Opinion
2:21-CV-0966-JAM-DMC-P
09-30-2021
DAVOOD KHADEMI, Plaintiff, v. ROSEVILLE POLICE DEPARTMENT, et al., Defendants.
ORDER
DENNIS M. COTA UNITED STATES MAGISTRATE JUDGE
Plaintiff, a prisoner proceeding pro se, brings this civil rights action pursuant to 42 U.S.C. § 1983. Pending before the Court are Plaintiff's motions, ECF No. 8 and 12, for the appointment of counsel.
The United States Supreme Court has ruled that district courts lack authority to require counsel to represent indigent prisoners in § 1983 cases. See Mallard v. United States Dist. Court, 490 U.S. 296, 298 (1989). In certain exceptional circumstances, the court may request the voluntary assistance of counsel pursuant to 28 U.S.C. § 1915(e)(1). See Terrell v. Brewer, 935 F.2d 1015, 1017 (9th Cir. 1991); Wood v. Housewright, 900 F.2d 1332, 1335-36 (9th Cir. 1990). A finding of “exceptional circumstances” requires an evaluation of both the likelihood of success on the merits and the ability of the plaintiff to articulate his claims on his own in light of the complexity of the legal issues involved. See Terrell, 935 F.2d at 1017. Neither factor is dispositive and both must be viewed together before reaching a decision. See id In Terrell the Ninth Circuit concluded the district court did not abuse its discretion with respect to appointment of counsel because:
. . . Terrell demonstrated sufficient writing ability and legal knowledge to articulate his claim. The facts he alleged and the issues he raised were not of substantial complexity. The compelling evidence against Terrell made it extremely unlikely that he would succeed on the merits.Id at 1017.
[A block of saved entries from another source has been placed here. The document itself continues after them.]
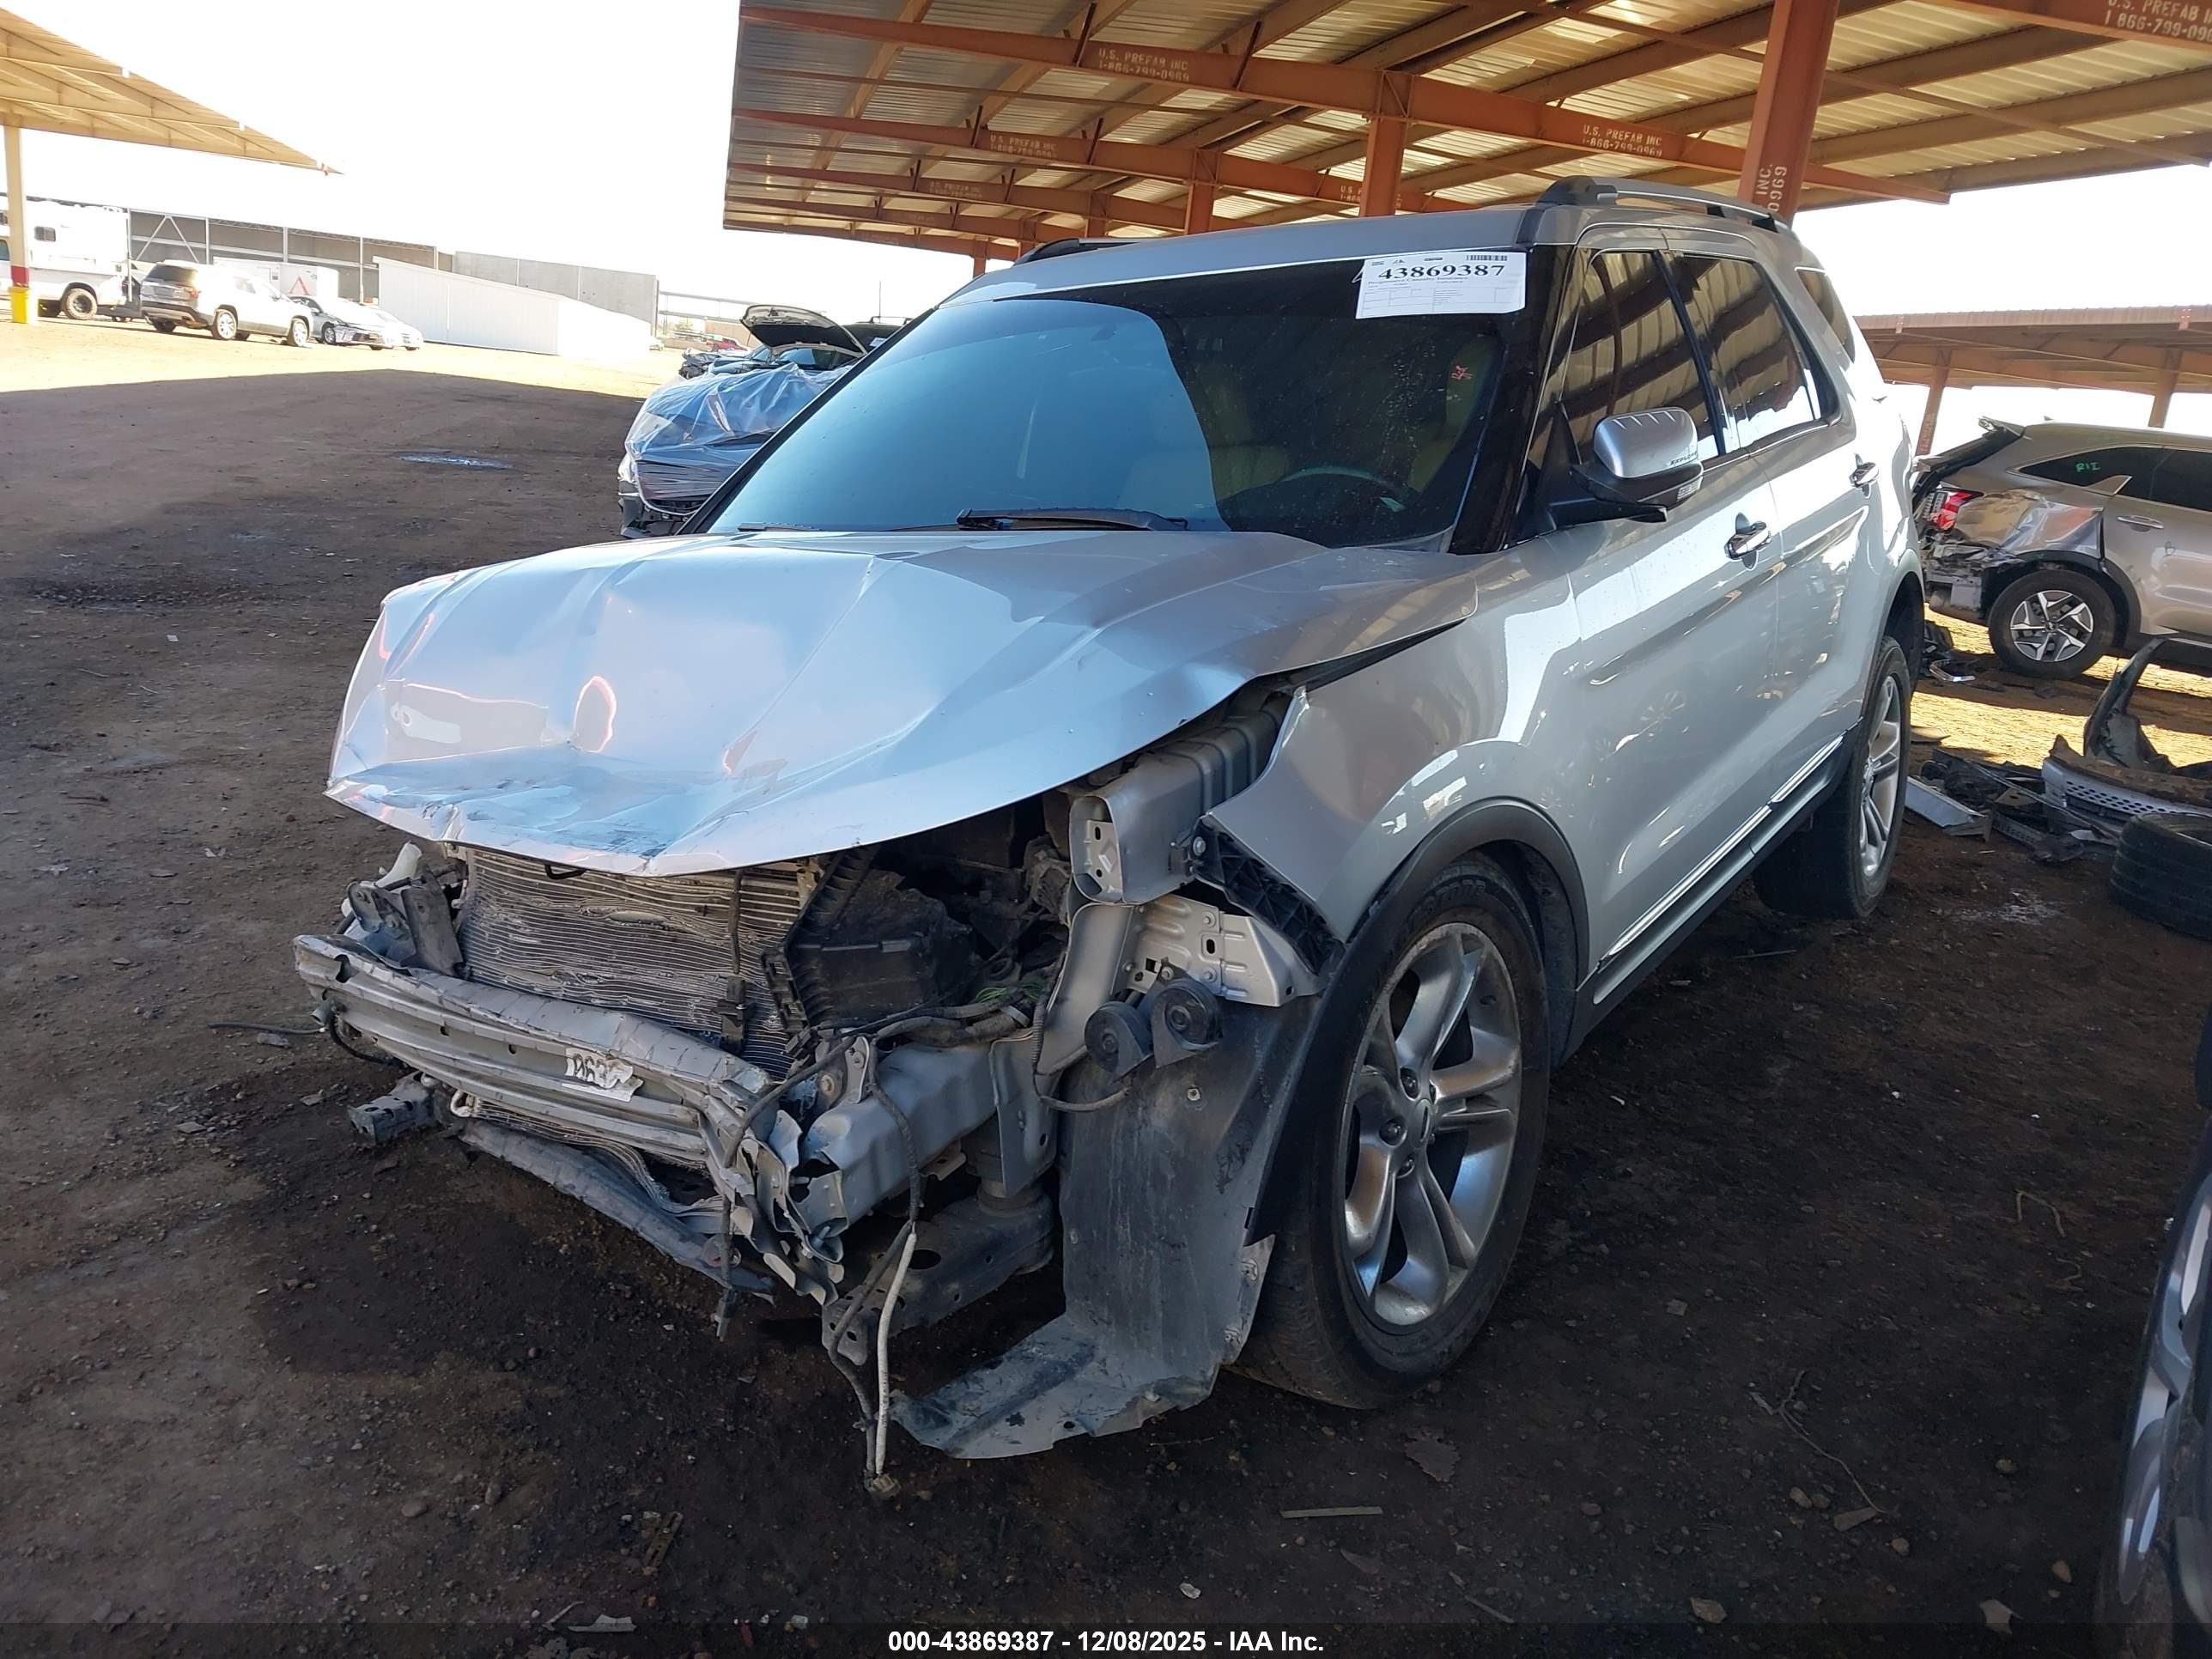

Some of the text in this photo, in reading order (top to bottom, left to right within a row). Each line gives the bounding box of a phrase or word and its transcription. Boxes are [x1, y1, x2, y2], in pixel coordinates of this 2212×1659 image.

[2142, 0, 2199, 21] PREFAB
[1099, 48, 1188, 70] U.S. PREFAB INC
[1583, 125, 1663, 146] U.S. PREFAB INC
[1378, 264, 1504, 279] 43869387
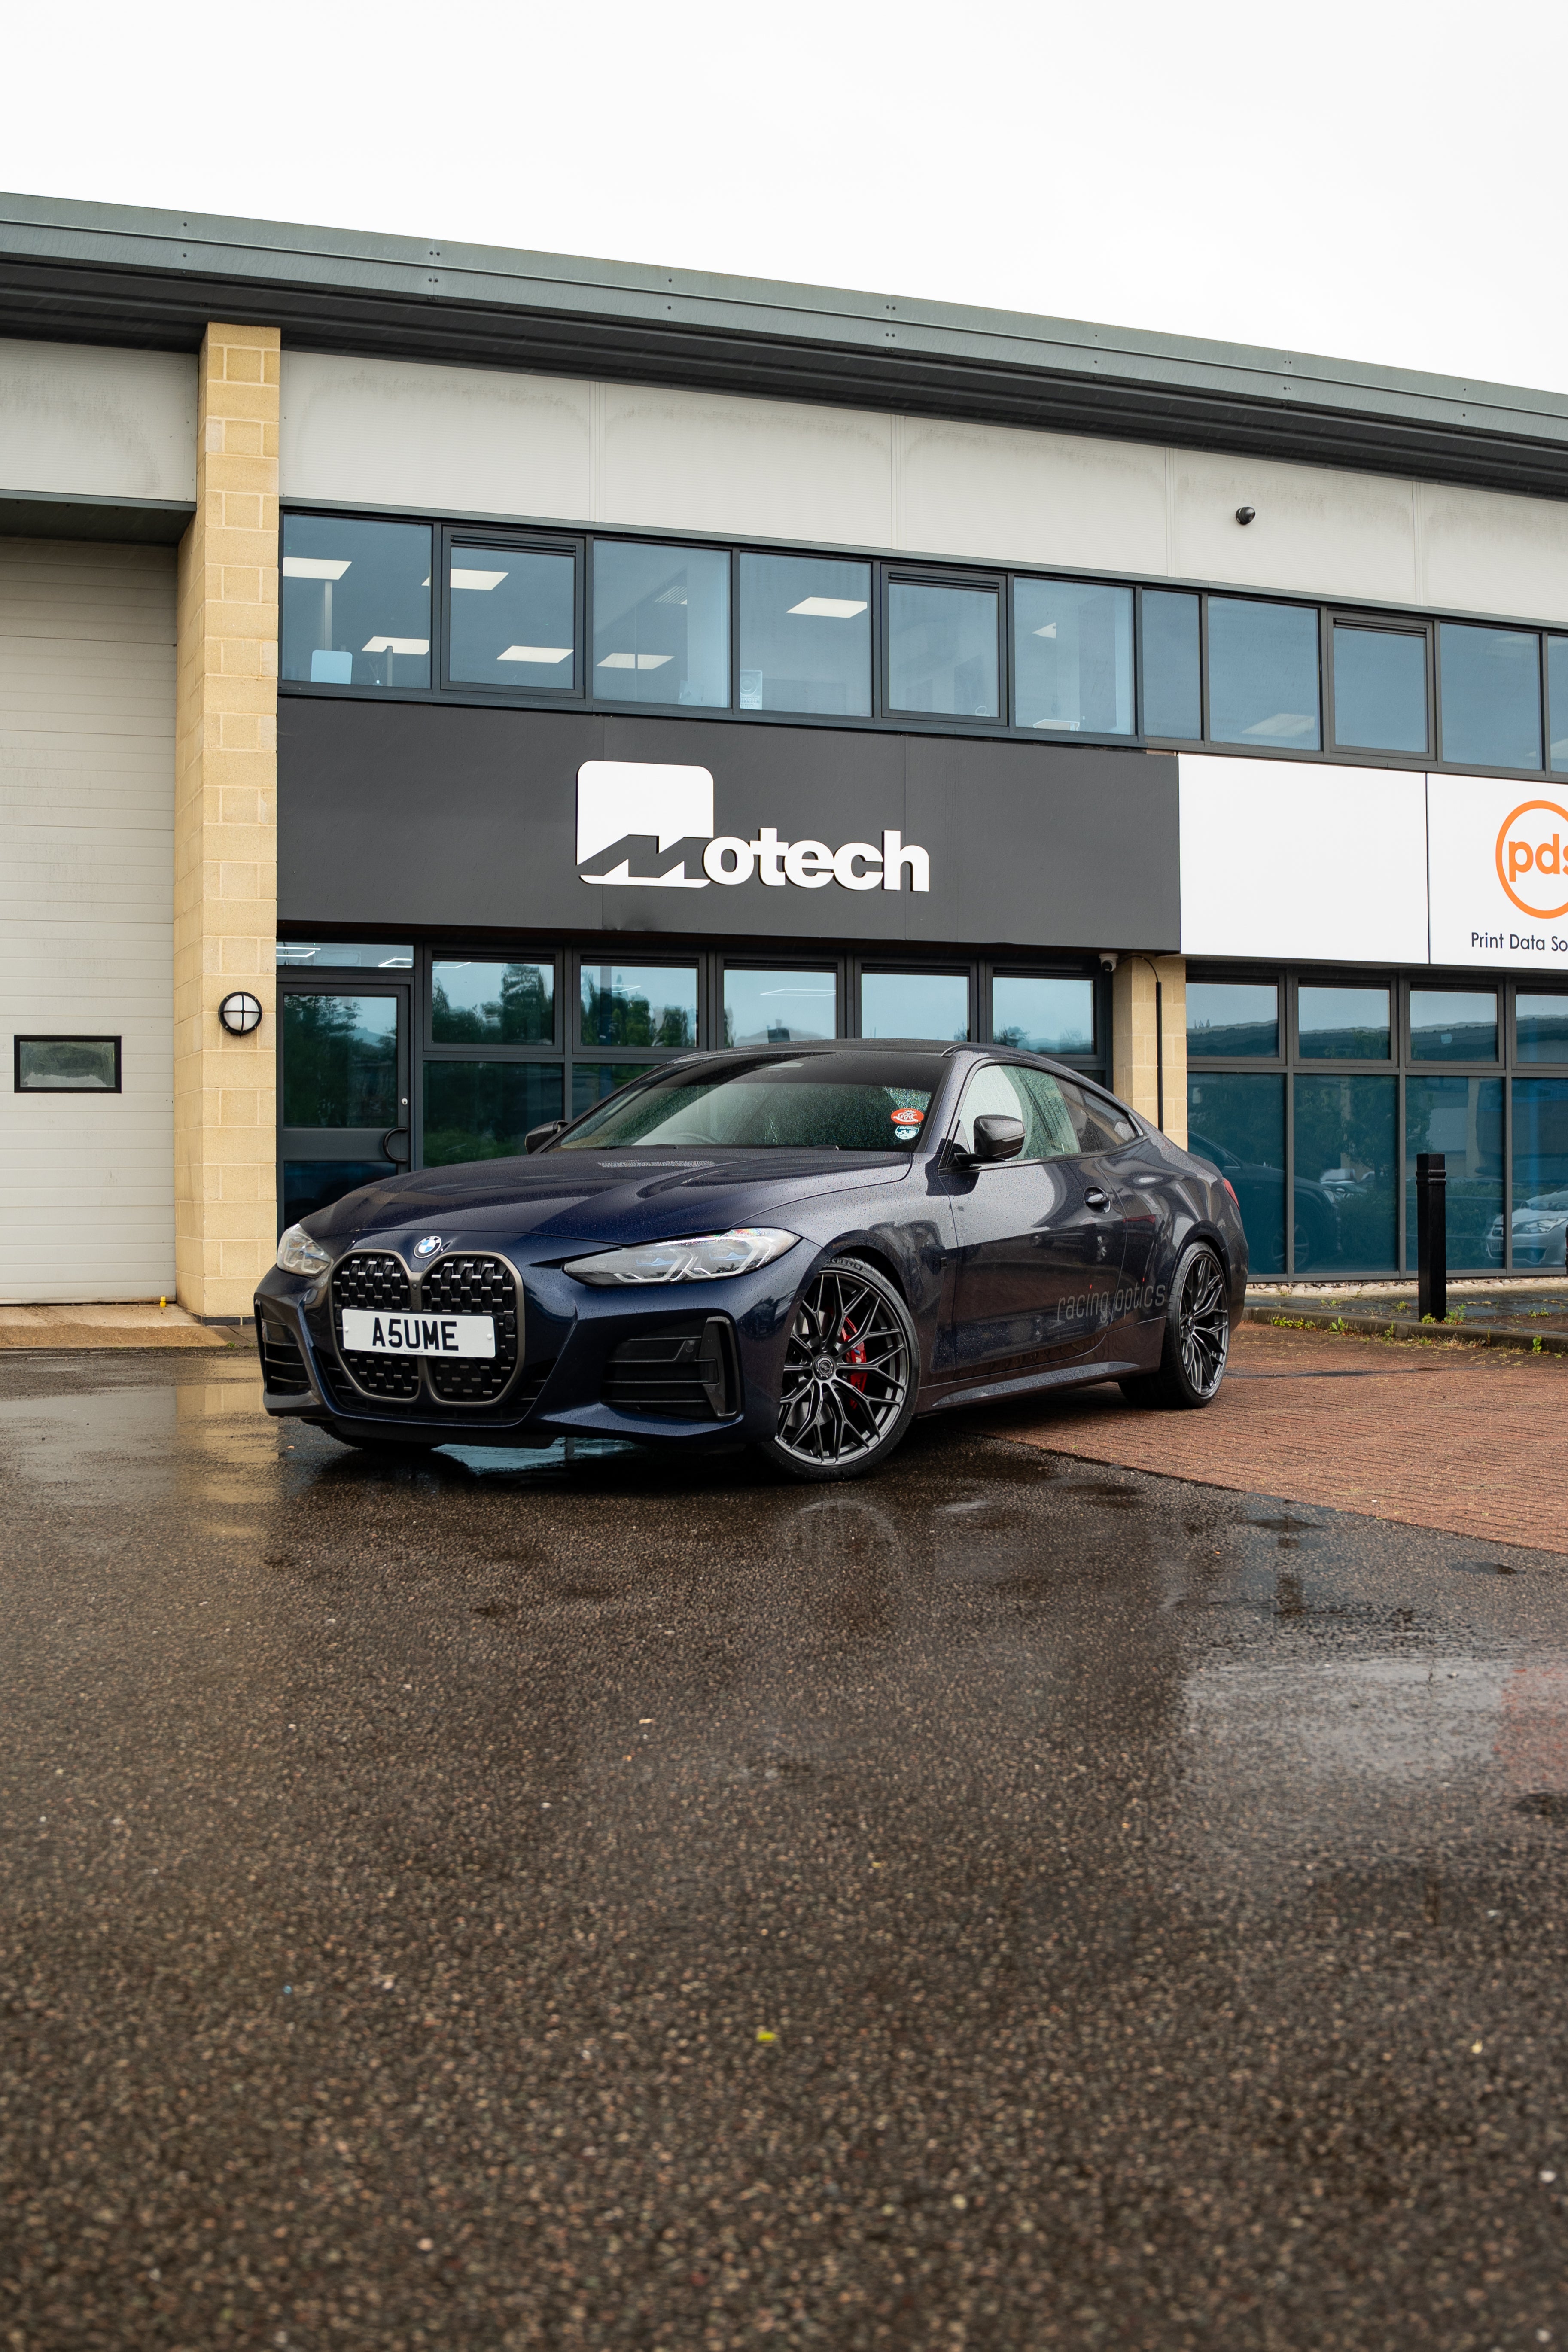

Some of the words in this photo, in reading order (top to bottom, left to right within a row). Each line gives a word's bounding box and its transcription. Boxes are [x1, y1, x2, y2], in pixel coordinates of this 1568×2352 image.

In the present case, the Court does not at this time find the required exceptional circumstances. Plaintiff argues generally in his motions that appointment of counsel is warranted because he is an inmate, he is indigent, and he is untrained in the law. Notwithstanding these contentions, a review of Plaintiff s filings to date indicates that he is able to articulate himself on his own, as demonstrated by his original complaint which appears to state at least some cognizable claims. Further, at this early stage of the proceedings before any defendant has appeared or any discovery has been conducted, the Court cannot say that Plaintiff has any particular likelihood of success on the merits. Finally, as to the cognizable excessive force claim against Defendants Vanderwende, Landon, and Anganes, it does not appear that the claim is either legally or factually complex.
Accordingly, IT IS HEREBY ORDERED that Plaintiffs requests for the appointment of counsel, ECF Nos. 8 and 12, are denied.